[[ Data to use, beginning ]]

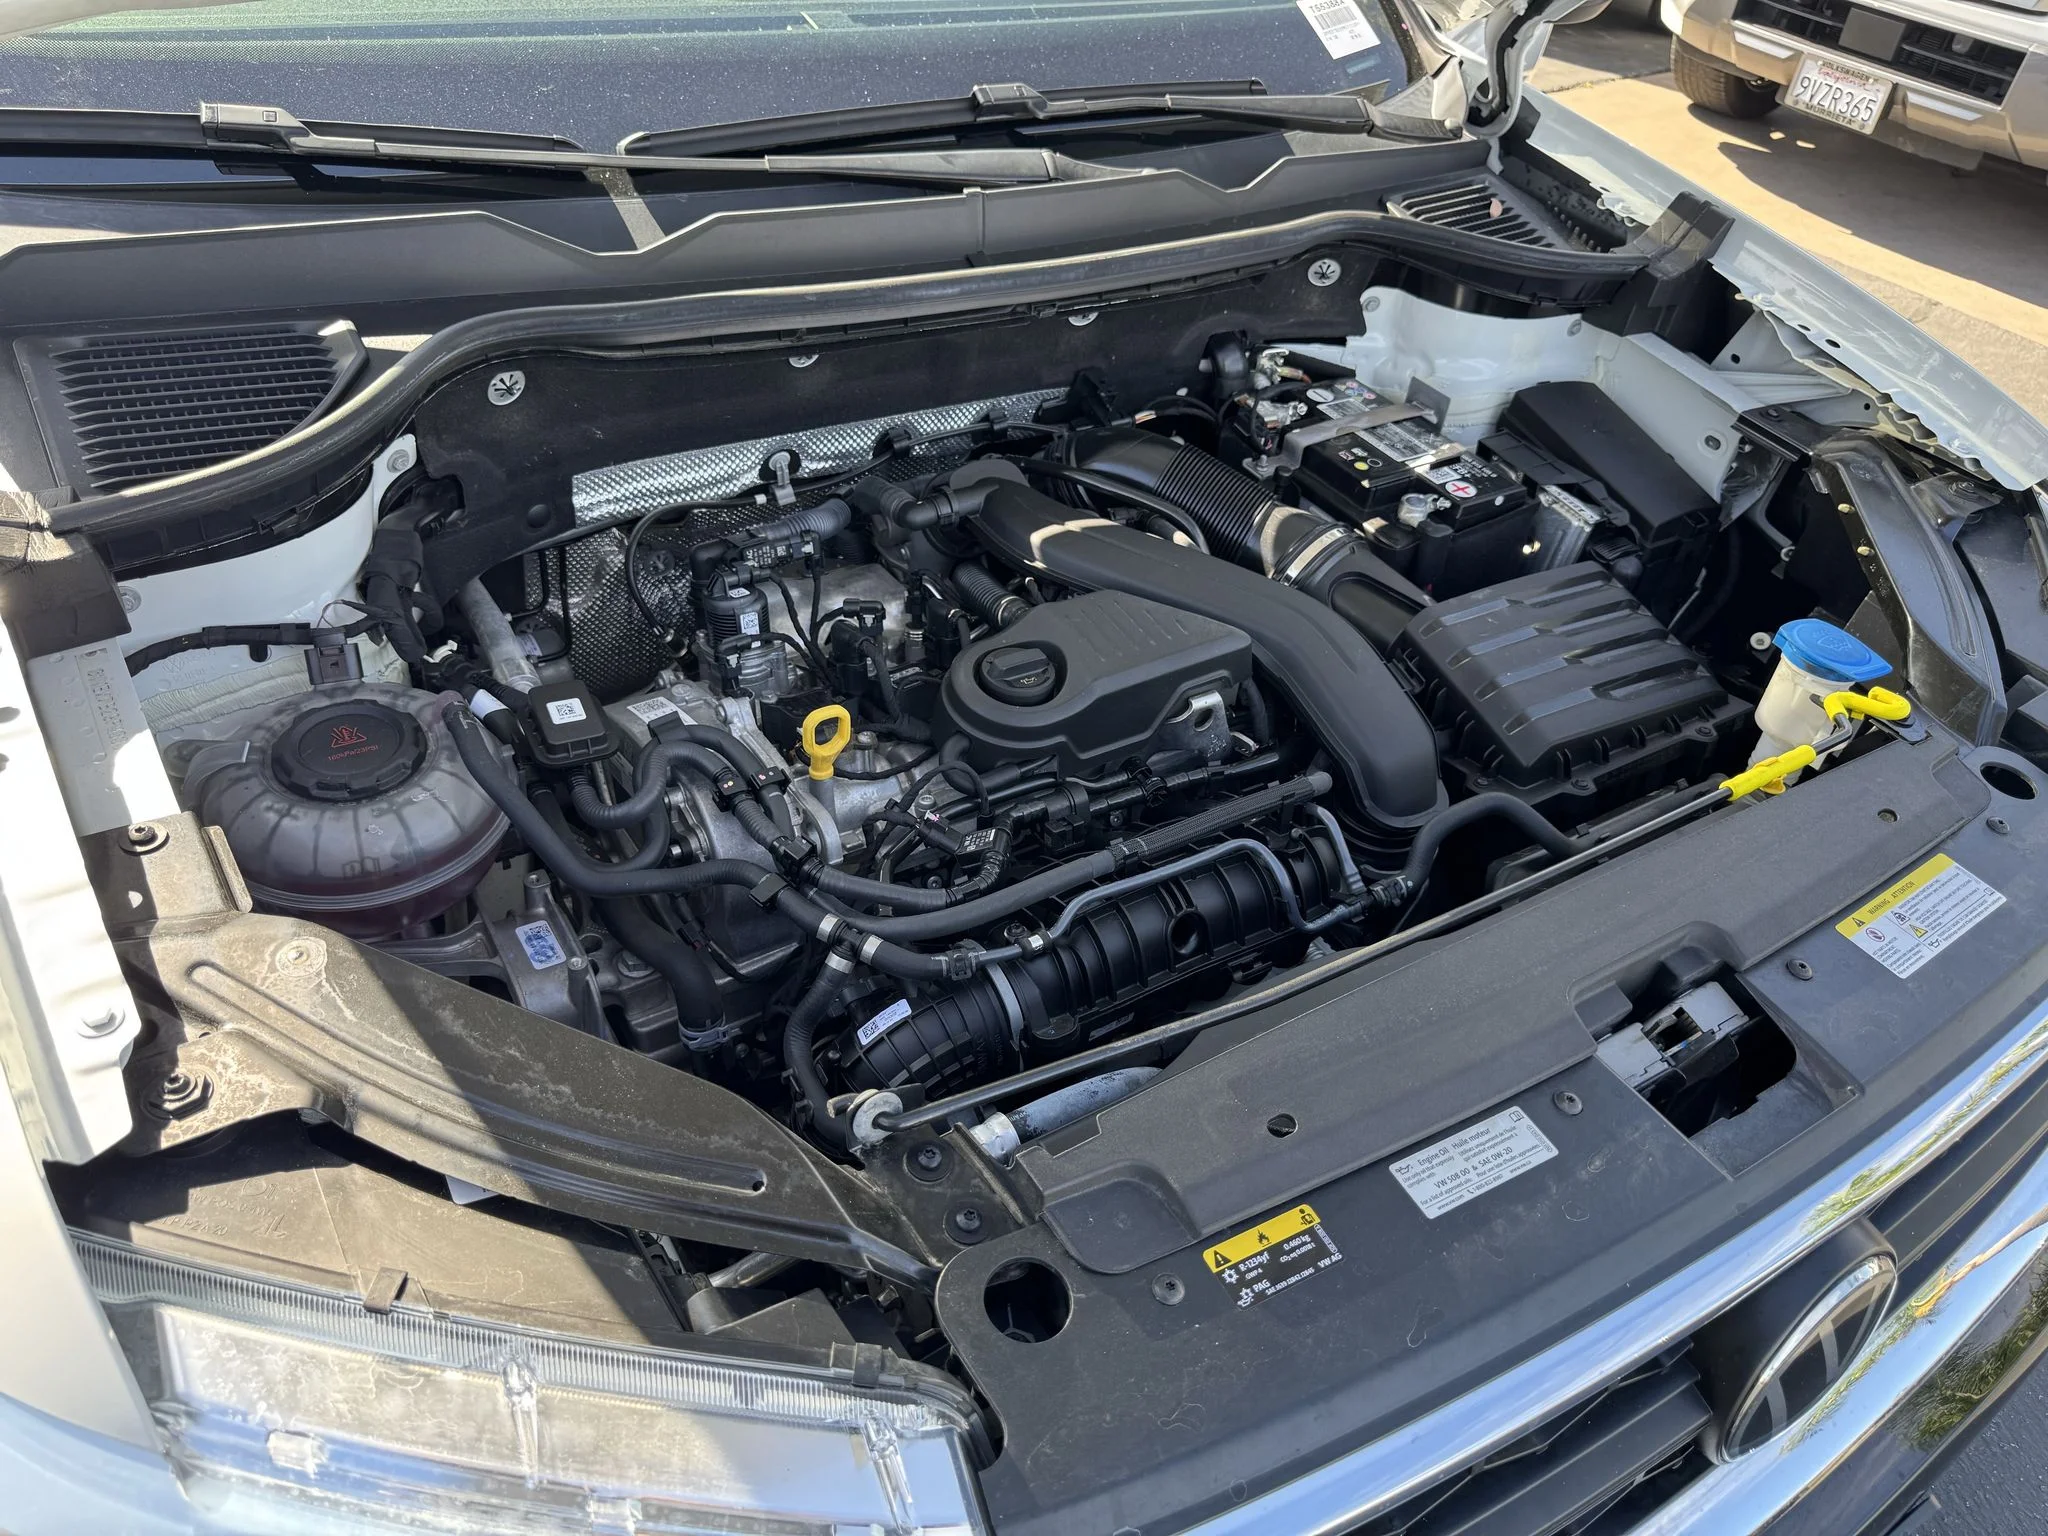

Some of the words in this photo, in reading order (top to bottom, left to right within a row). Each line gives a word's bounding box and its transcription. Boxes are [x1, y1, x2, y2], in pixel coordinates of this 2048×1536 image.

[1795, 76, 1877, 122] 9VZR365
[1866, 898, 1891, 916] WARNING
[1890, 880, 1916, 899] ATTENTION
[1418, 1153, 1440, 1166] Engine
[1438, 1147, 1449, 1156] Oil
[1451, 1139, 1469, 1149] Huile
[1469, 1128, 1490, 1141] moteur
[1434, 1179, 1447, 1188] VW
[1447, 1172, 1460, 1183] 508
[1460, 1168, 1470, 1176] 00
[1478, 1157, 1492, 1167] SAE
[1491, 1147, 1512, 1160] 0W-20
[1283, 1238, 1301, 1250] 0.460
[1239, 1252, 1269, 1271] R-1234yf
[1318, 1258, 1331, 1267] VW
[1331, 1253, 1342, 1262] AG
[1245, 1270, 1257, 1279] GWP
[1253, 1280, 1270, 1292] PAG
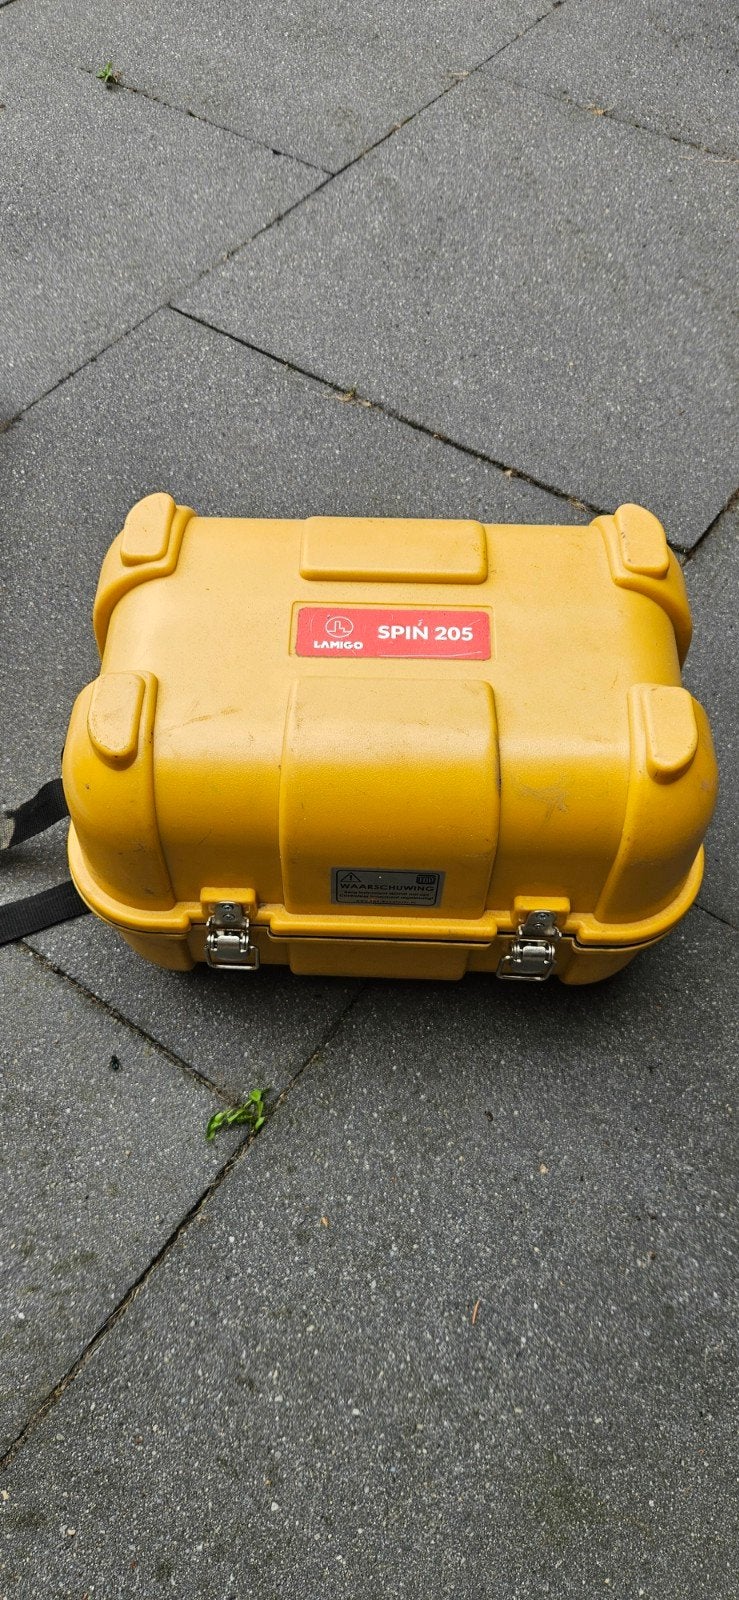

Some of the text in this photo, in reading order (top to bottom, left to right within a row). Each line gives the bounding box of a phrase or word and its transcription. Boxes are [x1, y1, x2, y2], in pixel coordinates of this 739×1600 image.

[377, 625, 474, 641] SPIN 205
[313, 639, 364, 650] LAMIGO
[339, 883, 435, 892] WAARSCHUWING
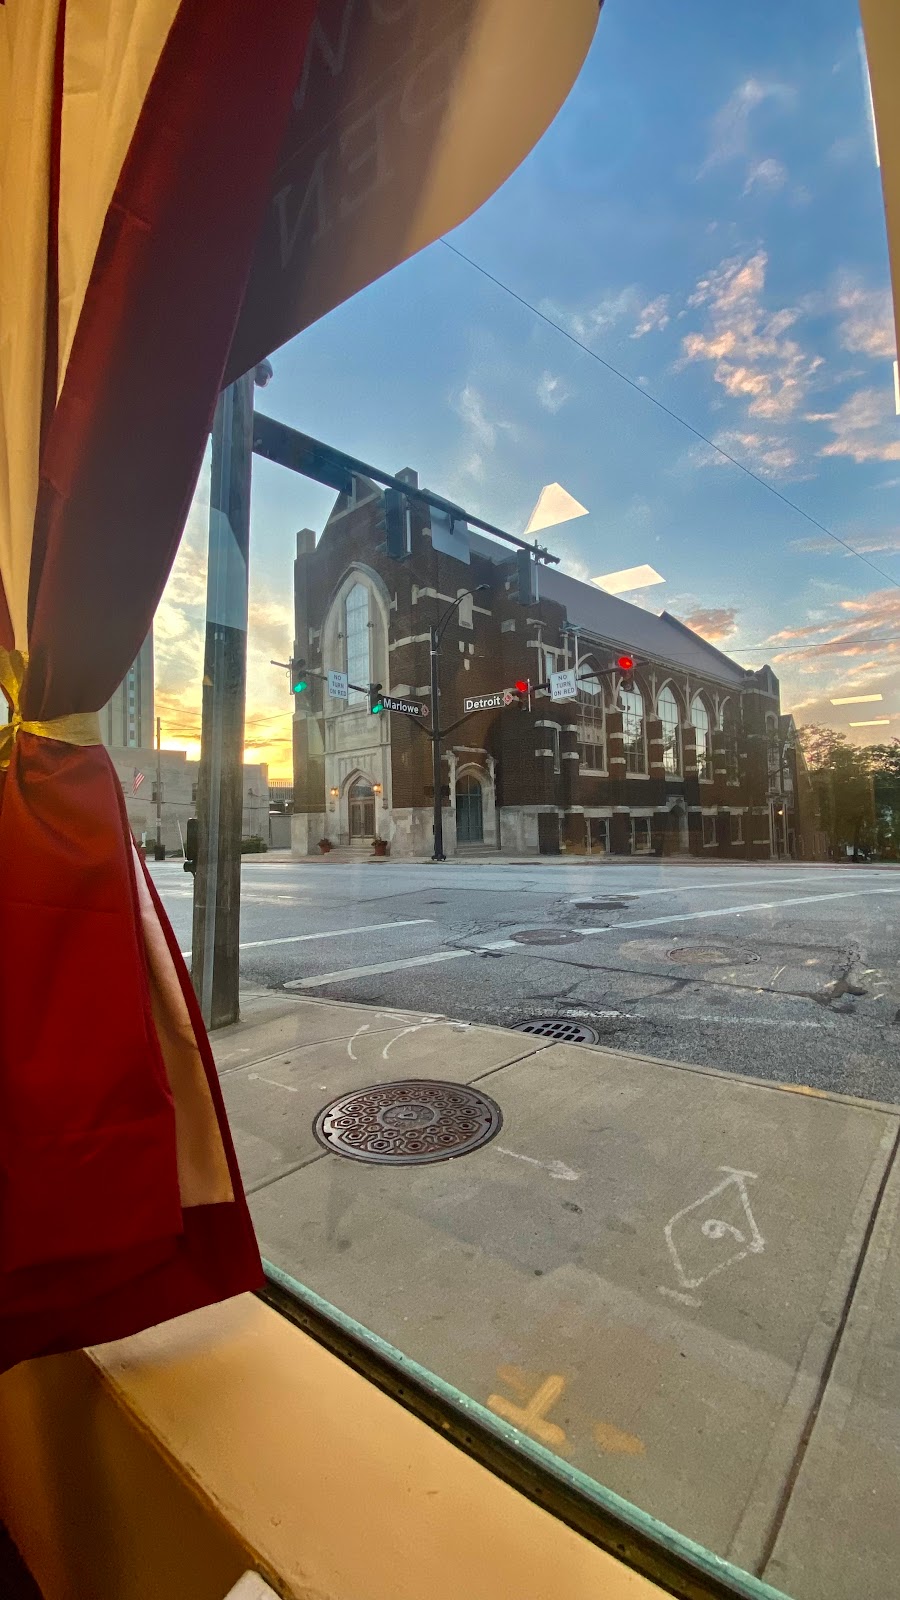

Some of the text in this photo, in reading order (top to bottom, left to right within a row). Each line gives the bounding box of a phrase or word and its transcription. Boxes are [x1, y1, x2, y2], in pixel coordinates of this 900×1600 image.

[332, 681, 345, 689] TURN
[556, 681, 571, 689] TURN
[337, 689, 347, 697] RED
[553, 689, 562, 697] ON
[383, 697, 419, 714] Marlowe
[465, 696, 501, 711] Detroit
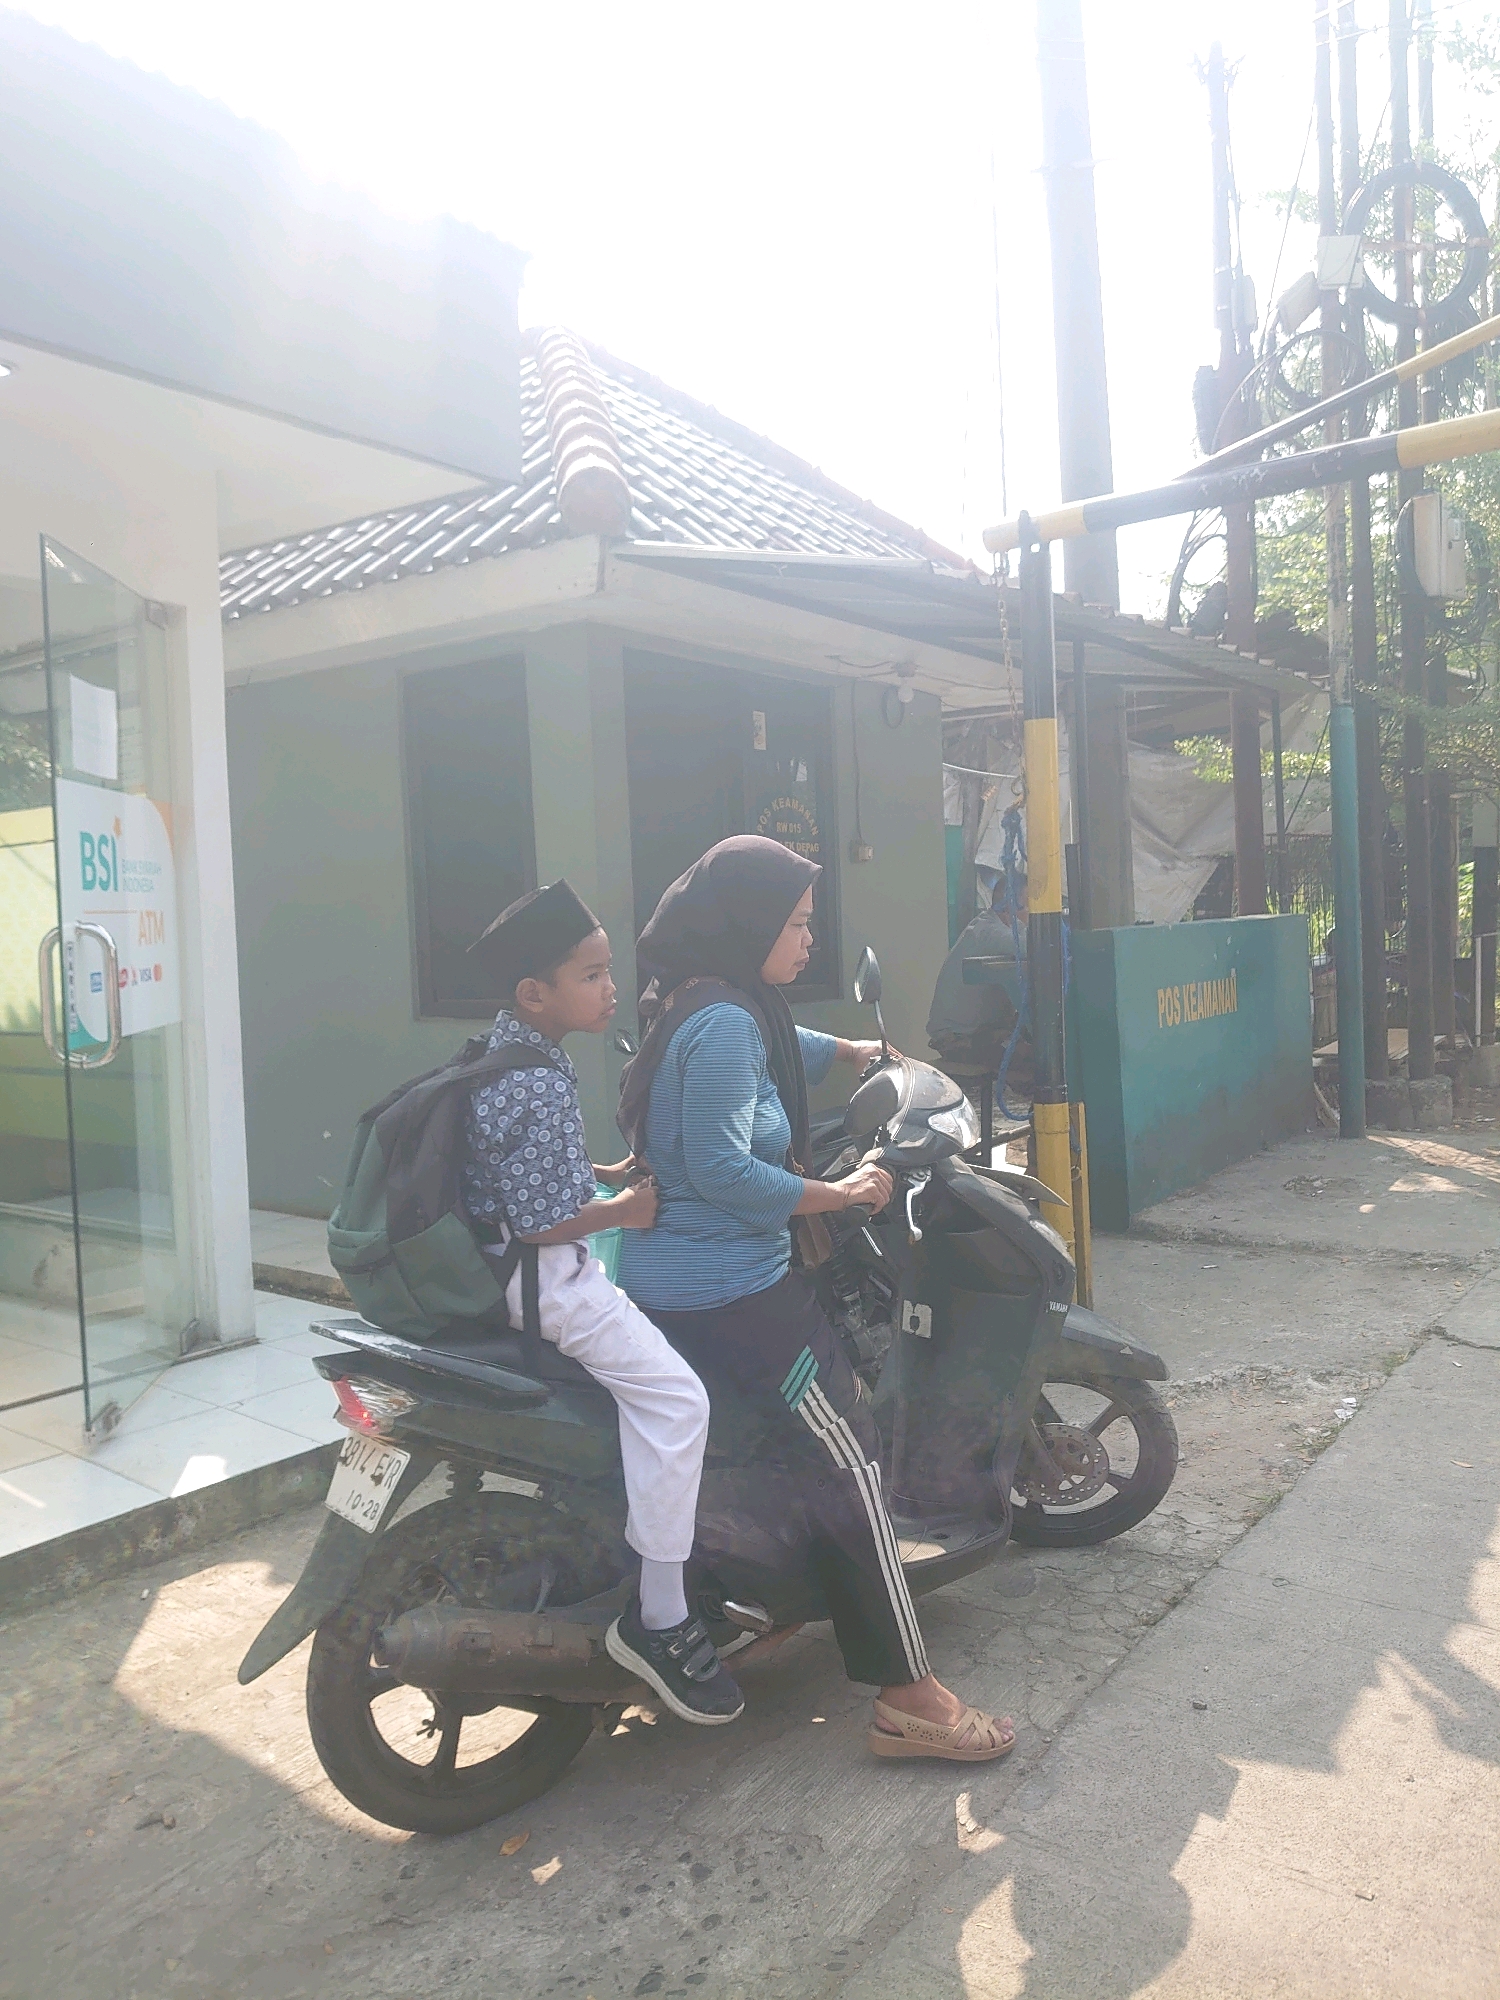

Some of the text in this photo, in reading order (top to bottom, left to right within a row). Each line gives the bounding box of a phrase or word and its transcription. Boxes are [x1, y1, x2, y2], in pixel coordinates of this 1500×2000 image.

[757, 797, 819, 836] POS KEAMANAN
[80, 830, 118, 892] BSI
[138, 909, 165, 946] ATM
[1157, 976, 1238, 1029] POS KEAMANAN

[[ Data to use, end ]]

Reproduce every record in full. Leave out the images.

▶ Output for this task:
Some of the words in this photo, in reading order (top to bottom, left to right within a row). Each line gives a word's bounding box and its transcription. Boxes are [x1, y1, x2, y2], in pixel coordinates of this 2048×1536 image.

[1795, 76, 1877, 122] 9VZR365
[1866, 898, 1891, 916] WARNING
[1890, 880, 1916, 899] ATTENTION
[1418, 1153, 1440, 1166] Engine
[1438, 1147, 1449, 1156] Oil
[1451, 1139, 1469, 1149] Huile
[1469, 1128, 1490, 1141] moteur
[1434, 1179, 1447, 1188] VW
[1447, 1172, 1460, 1183] 508
[1460, 1168, 1470, 1176] 00
[1478, 1157, 1492, 1167] SAE
[1491, 1147, 1512, 1160] 0W-20
[1283, 1238, 1301, 1250] 0.460
[1239, 1252, 1269, 1271] R-1234yf
[1318, 1258, 1331, 1267] VW
[1331, 1253, 1342, 1262] AG
[1245, 1270, 1257, 1279] GWP
[1253, 1280, 1270, 1292] PAG

Some of the text in this photo, in reading order (top to bottom, left to right within a row). Each line gives the bounding box of a phrase or word and its transcription. Boxes are [x1, y1, x2, y2], in pixel coordinates of this 739×1600 image.

[377, 625, 474, 641] SPIN 205
[313, 639, 364, 650] LAMIGO
[339, 883, 435, 892] WAARSCHUWING

Some of the text in this photo, in reading order (top to bottom, left to right within a row). Each line gives the bounding box of a phrase or word and its transcription. Boxes are [x1, y1, x2, y2], in pixel coordinates of this 900×1600 image.

[332, 681, 345, 689] TURN
[556, 681, 571, 689] TURN
[337, 689, 347, 697] RED
[553, 689, 562, 697] ON
[383, 697, 419, 714] Marlowe
[465, 696, 501, 711] Detroit

Some of the text in this photo, in reading order (top to bottom, left to right within a row). Each line gives the bounding box of a phrase or word and its transcription. Boxes are [x1, y1, x2, y2], in pixel coordinates of this 1500×2000 image.

[757, 797, 819, 836] POS KEAMANAN
[80, 830, 118, 892] BSI
[138, 909, 165, 946] ATM
[1157, 976, 1238, 1029] POS KEAMANAN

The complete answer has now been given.